Regierungssturz in Rumänien: Triumph des Neoliberalismus

Per Misstrauensvotum wurde Rumäniens unbeliebte Regierung gestürzt. Sowohl die Besiegten als auch die Sieger schlagen unappetitliche Töne an.

Mann im Kuppelsaal des rumänischen Parlaments hält den Daumen hoch

Erledigt: Ein rumänischer Abgeordneter freut sich über den Sturz der Regierung Foto: dpa

„Guten Tag. Erledigt!“ Mit diesen lakonischen Worten leitete der rumänische Staatspräsident Klaus Johannis sein vom Zettel abgelesenes Statement ein, in dem er der Opposition gratulierte, die Regierung zu Fall gebracht zu haben.

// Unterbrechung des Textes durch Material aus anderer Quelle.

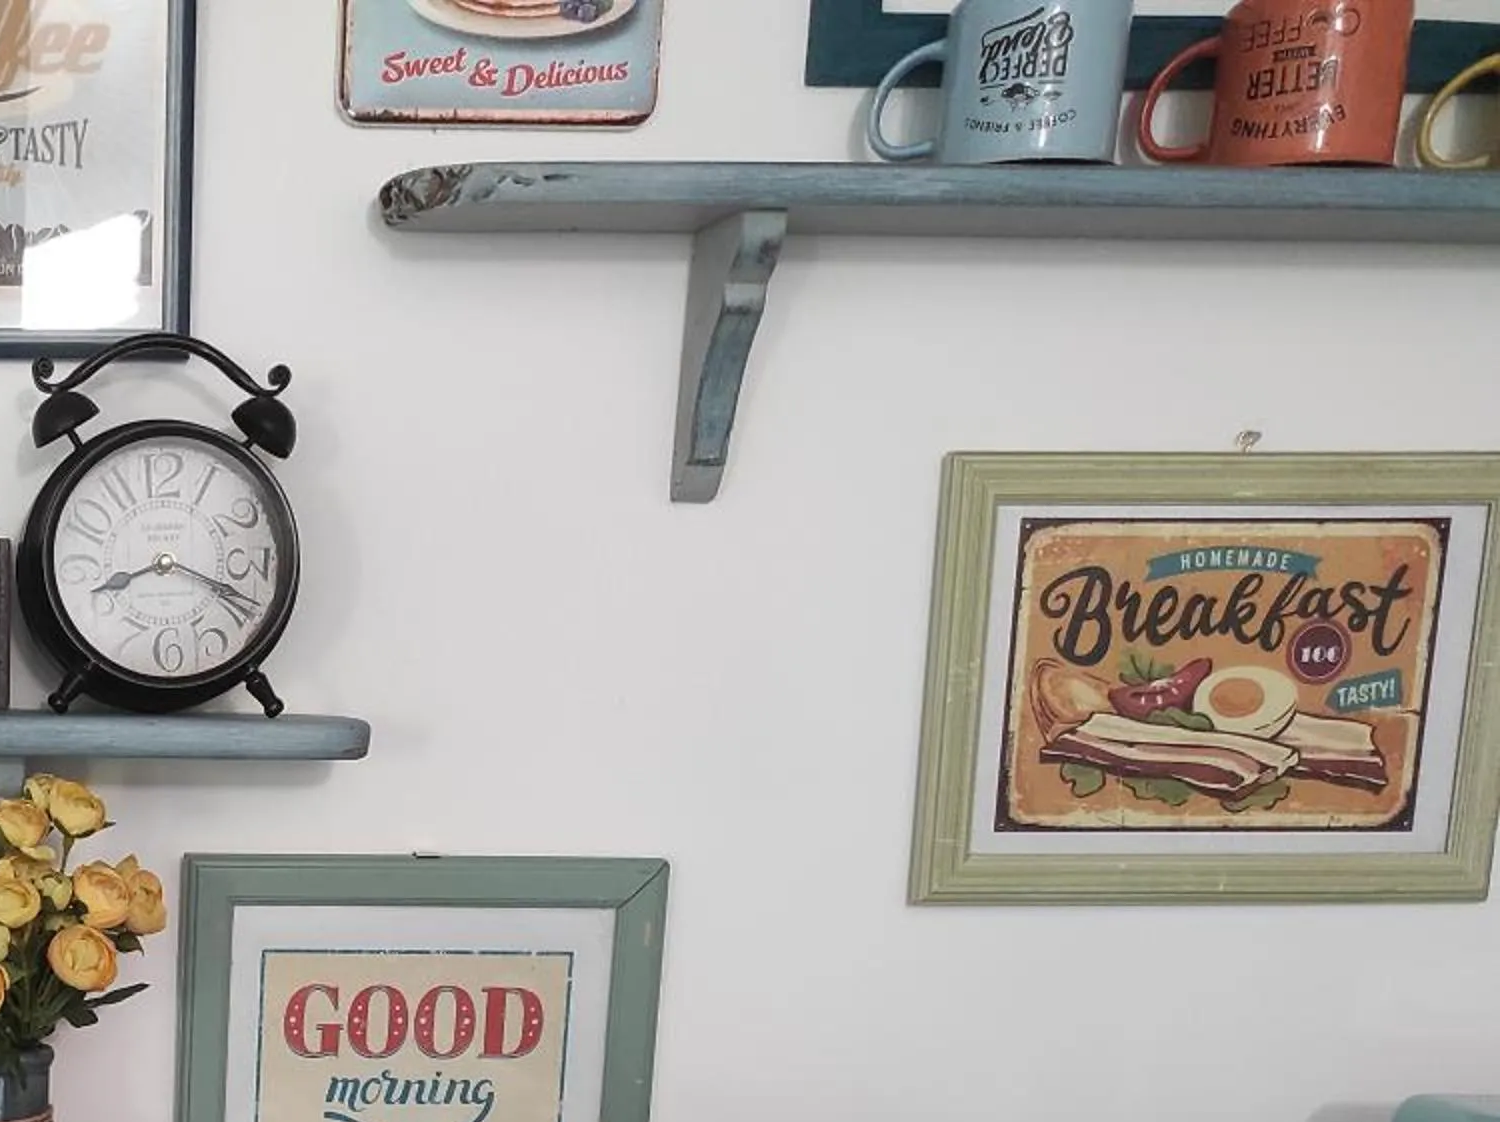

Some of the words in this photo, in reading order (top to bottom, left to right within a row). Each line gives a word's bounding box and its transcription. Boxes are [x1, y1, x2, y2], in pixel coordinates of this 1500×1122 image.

[979, 7, 1074, 72] Blend
[381, 47, 468, 84] Sweet
[468, 58, 498, 87] &
[501, 59, 629, 97] Delicious
[1247, 58, 1339, 100] BETTER
[8, 118, 90, 170] TASTY
[101, 466, 137, 512] 11
[140, 450, 184, 498] 12
[194, 464, 231, 505] 1
[63, 499, 112, 546] 10
[210, 497, 260, 538] 2
[59, 554, 100, 585] 9
[225, 547, 271, 582] 3
[1179, 551, 1292, 572] HOMEMADE
[190, 612, 230, 659] 5
[1039, 562, 1412, 667] Breakfast
[152, 627, 184, 673] 6
[1336, 677, 1396, 708] TASTY!
[283, 983, 545, 1060] GOOD

In Wirklichkeit aber hat sich die pseudosozialdemokratische Regierung aus Bukarest selbst „erledigt“. Sie hat es nicht mehr geschafft, ihre sozialdemokratisch übertünchte, neoliberale Politik überzeugend zu verkaufen. Sieger in diesem seit Monaten tobenden Machtkampf sind die in einem heterogenen Block aufgetretenen Oppositionsparteien, die sich nun selbstbewusst als rechte Heilsbringer darstellen und den Rumänen Rechtsstaatlichkeit, eine unbestechliche Justiz und eine korruptionsfreie Gesellschaft versprechen.

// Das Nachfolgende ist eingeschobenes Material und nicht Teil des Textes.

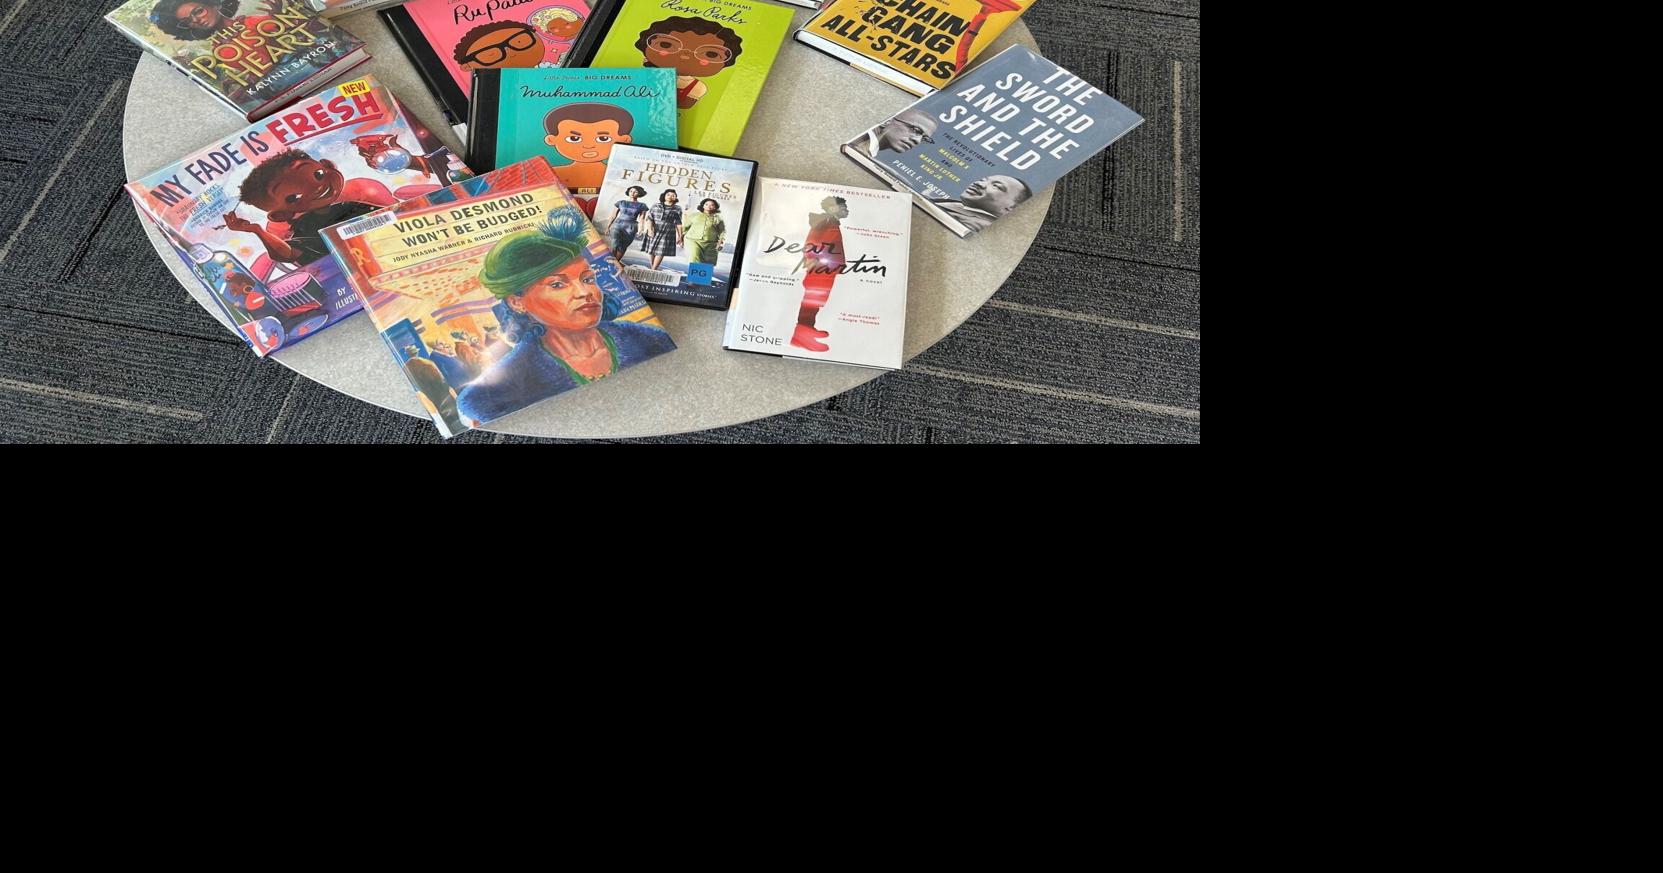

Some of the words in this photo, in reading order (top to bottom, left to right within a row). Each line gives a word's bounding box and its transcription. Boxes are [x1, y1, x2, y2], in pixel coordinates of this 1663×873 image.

[661, 0, 702, 14] Rosa
[703, 6, 747, 24] Parks
[723, 1, 752, 11] DREAMS
[191, 5, 309, 80] POISON
[207, 21, 247, 45] THIS
[862, 6, 955, 55] GANG
[226, 22, 317, 86] HEART
[821, 14, 956, 80] ALL-STARS
[246, 64, 291, 96] KALYNN
[291, 41, 335, 69] BAYRON
[342, 82, 366, 95] NEW
[519, 85, 622, 98] Muhammad
[623, 85, 661, 98] Ali
[1041, 66, 1103, 106] THE
[995, 72, 1095, 134] SWORD
[956, 83, 1019, 129] AND
[1020, 117, 1080, 160] THE
[939, 105, 1041, 171] SHIELD
[150, 174, 192, 208] MY
[185, 143, 246, 185] FADE
[240, 130, 270, 157] IS
[265, 93, 382, 144] FRESH
[938, 148, 965, 167] MALCOLM
[949, 145, 966, 158] LIVES
[645, 162, 713, 180] HIDDEN
[919, 152, 939, 169] MARTIN
[939, 166, 961, 184] LUTHER
[920, 163, 934, 175] KING
[940, 159, 953, 168] AND
[621, 168, 731, 194] FIGURES
[892, 159, 917, 178] PENIEL
[922, 180, 951, 200] JOSEPH
[823, 186, 844, 194] TIMES
[846, 190, 891, 199] BESTSELLER
[393, 213, 447, 233] VIOLA
[450, 193, 534, 221] DESMOND
[402, 228, 450, 248] WON'T
[453, 222, 475, 236] BE
[478, 205, 543, 230] BUDGED!
[393, 254, 409, 263] JODY
[410, 248, 438, 258] NYASHA
[437, 240, 466, 252] WARNER
[473, 231, 503, 242] RICHARD
[763, 236, 841, 254] Dear
[691, 268, 707, 278] PG
[791, 254, 887, 278] Martin
[336, 286, 346, 297] BY
[652, 286, 696, 297] INSPIRING
[740, 334, 782, 346] STONE
[742, 323, 764, 334] NIC
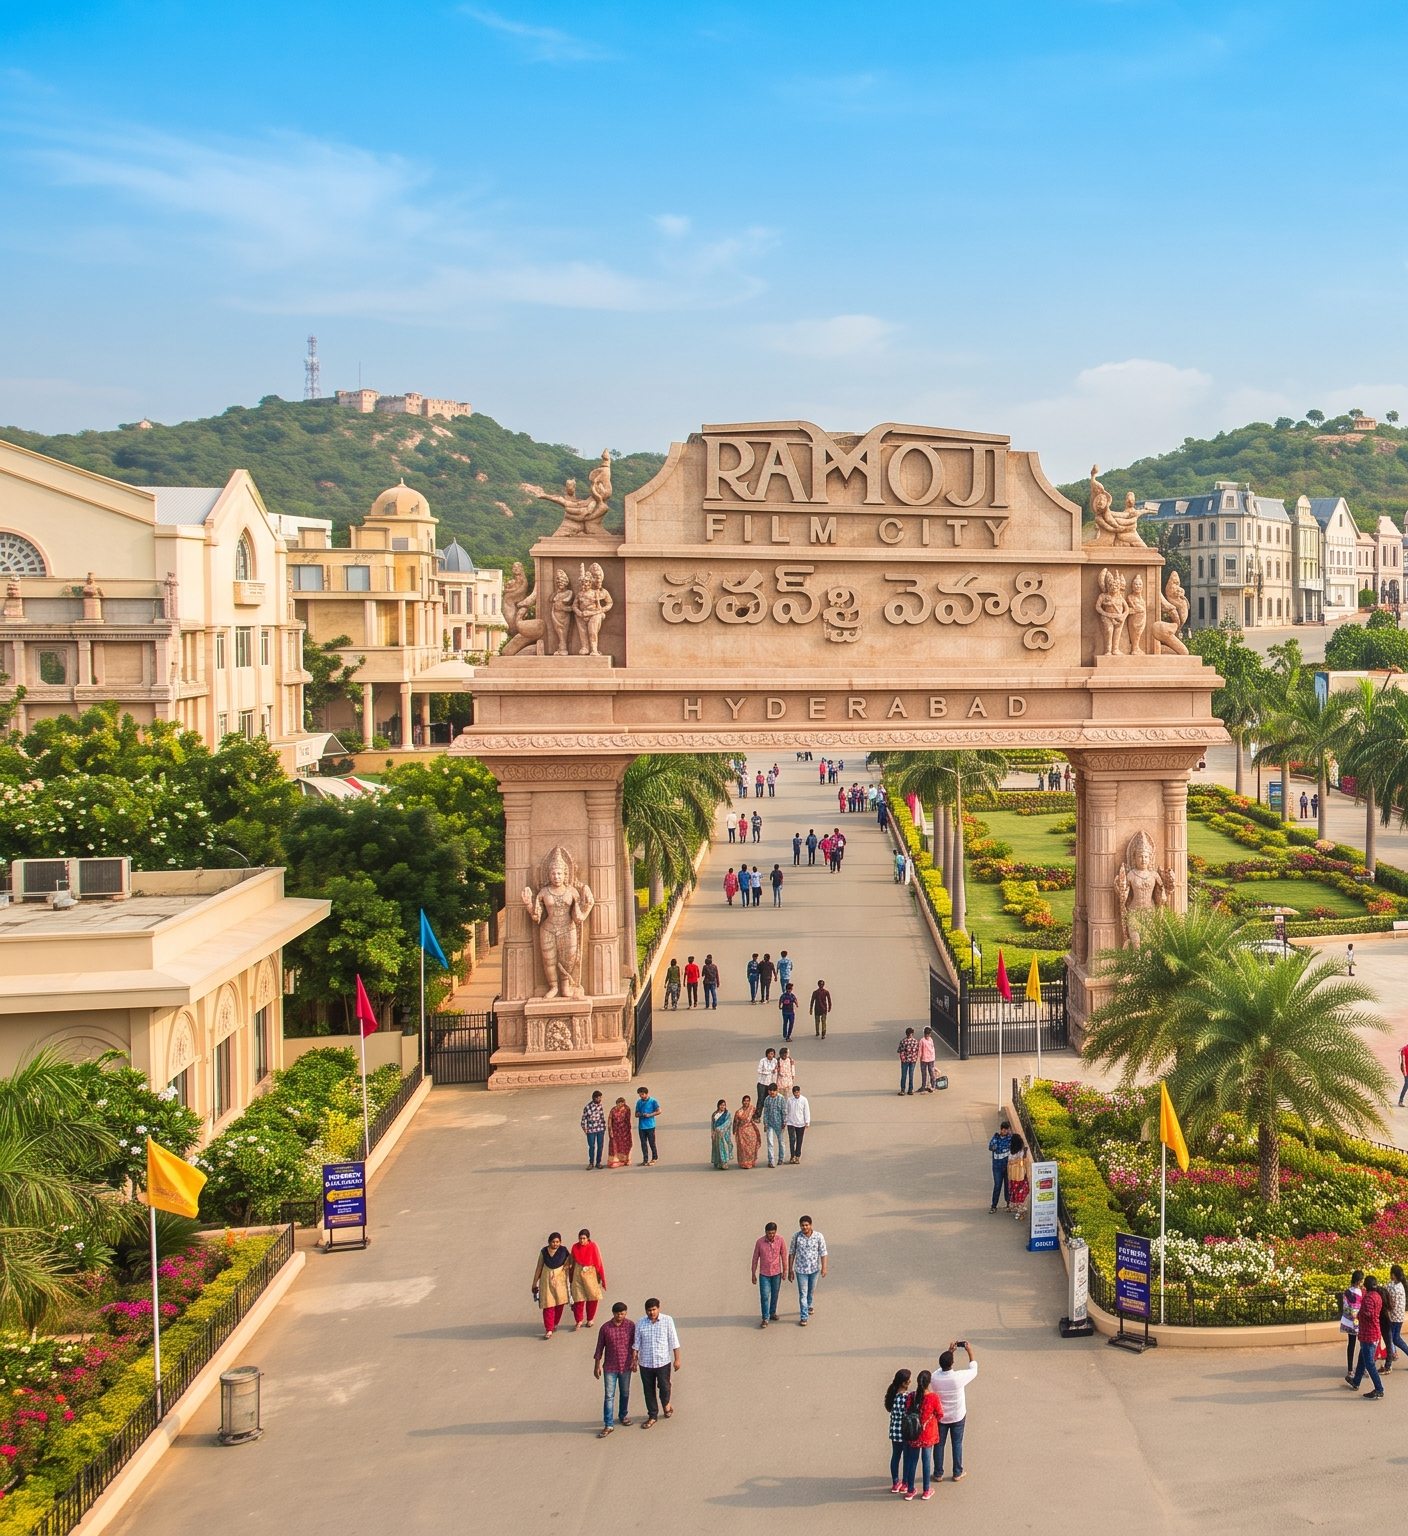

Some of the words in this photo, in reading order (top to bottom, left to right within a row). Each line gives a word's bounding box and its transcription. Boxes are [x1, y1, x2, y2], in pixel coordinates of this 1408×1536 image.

[703, 424, 1010, 508] RAMOJI
[706, 514, 838, 545] FILM
[878, 517, 1010, 547] CITY
[683, 695, 1029, 720] HYDERABAD

Die nach dem erfolgreichen Misstrauensantrag zum Rücktritt gezwungene Regierung konterte mit ultrarechten Argumenten, die der ehemalige Außenminister Titus Corlăţean im Parlament den Siegern entgegenschleuderte. In einer mit apokalyptischen Anspielungen gespickten Ansprache warnte der „Sozialdemokrat“ vor einer bevorstehenden Machtübernahme der Neo-Marxisten. Diese, so der frühere Chefdiplomat und EU-Abgeordnete, hätten die Absicht, für schwangere Frauen ohne Einkommen Zwangsabtreibungen einzuführen. Gleichzeitig stünde nun der Legalisierung der Homoehe nichts mehr im Wege.

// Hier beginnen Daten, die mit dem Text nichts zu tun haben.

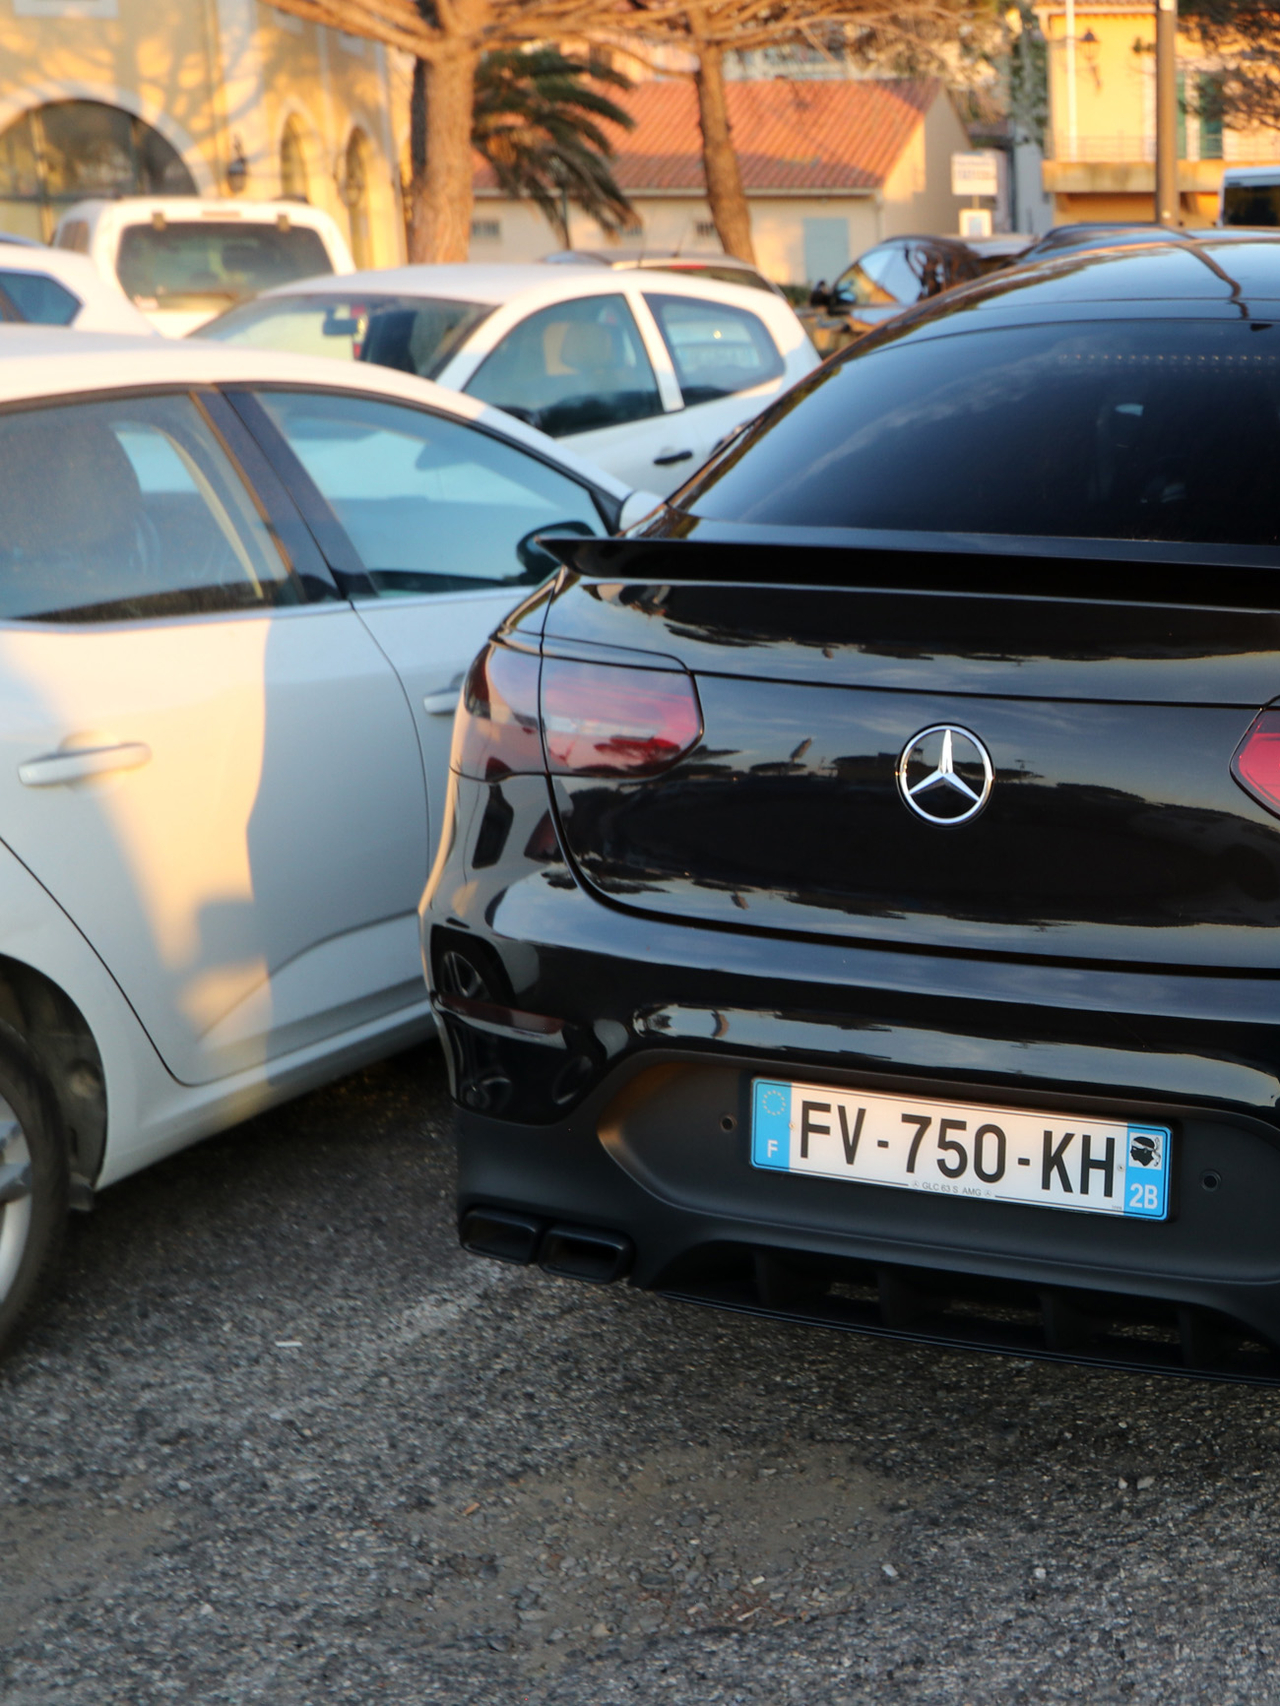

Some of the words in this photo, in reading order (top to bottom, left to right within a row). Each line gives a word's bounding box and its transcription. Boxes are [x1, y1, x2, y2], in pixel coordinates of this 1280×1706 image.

Homophobie, Frauenhass und Sozialdarwinismus

In Rumänien ist es keinesfalls eine Spezialität der gestürzten Sozialdemokraten, mit klerikal angereicherten, homophoben, frauenfeindlichen Äußerungen oder sozialdarwinistischen Darlegungen Politik zu machen.

Aus dem Lager der Sieger waren vereinzelt Stimmen zu vernehmen, die in ihrem neoliberalen Überschwang von der Abschaffung des staatlich geförderten Schulunterrichts und der landesweiten Einführung von Privatschulen schwadronierten. Andere wiederum forderten die Kürzung der Sozialhilfe für „arbeitsscheue Elemente“. Bekanntlich ist in Rumänien mit dem Euphemismus „arbeitsscheu“ die Roma-Bevölkerung gemeint, die unter der Härte des postkommunistischen Kapitalismus besonders zu leiden hat.

Eins steht jetzt schon fest: Die Verlierer dieses Machtgerangels an der Staatsspitze werden die Unterprivilegierten sein. Jene, die weder eine Toilette noch fließendes Wasser in ihren Wohnungen haben. Und das sind immerhin mehr als 10 Millionen Menschen.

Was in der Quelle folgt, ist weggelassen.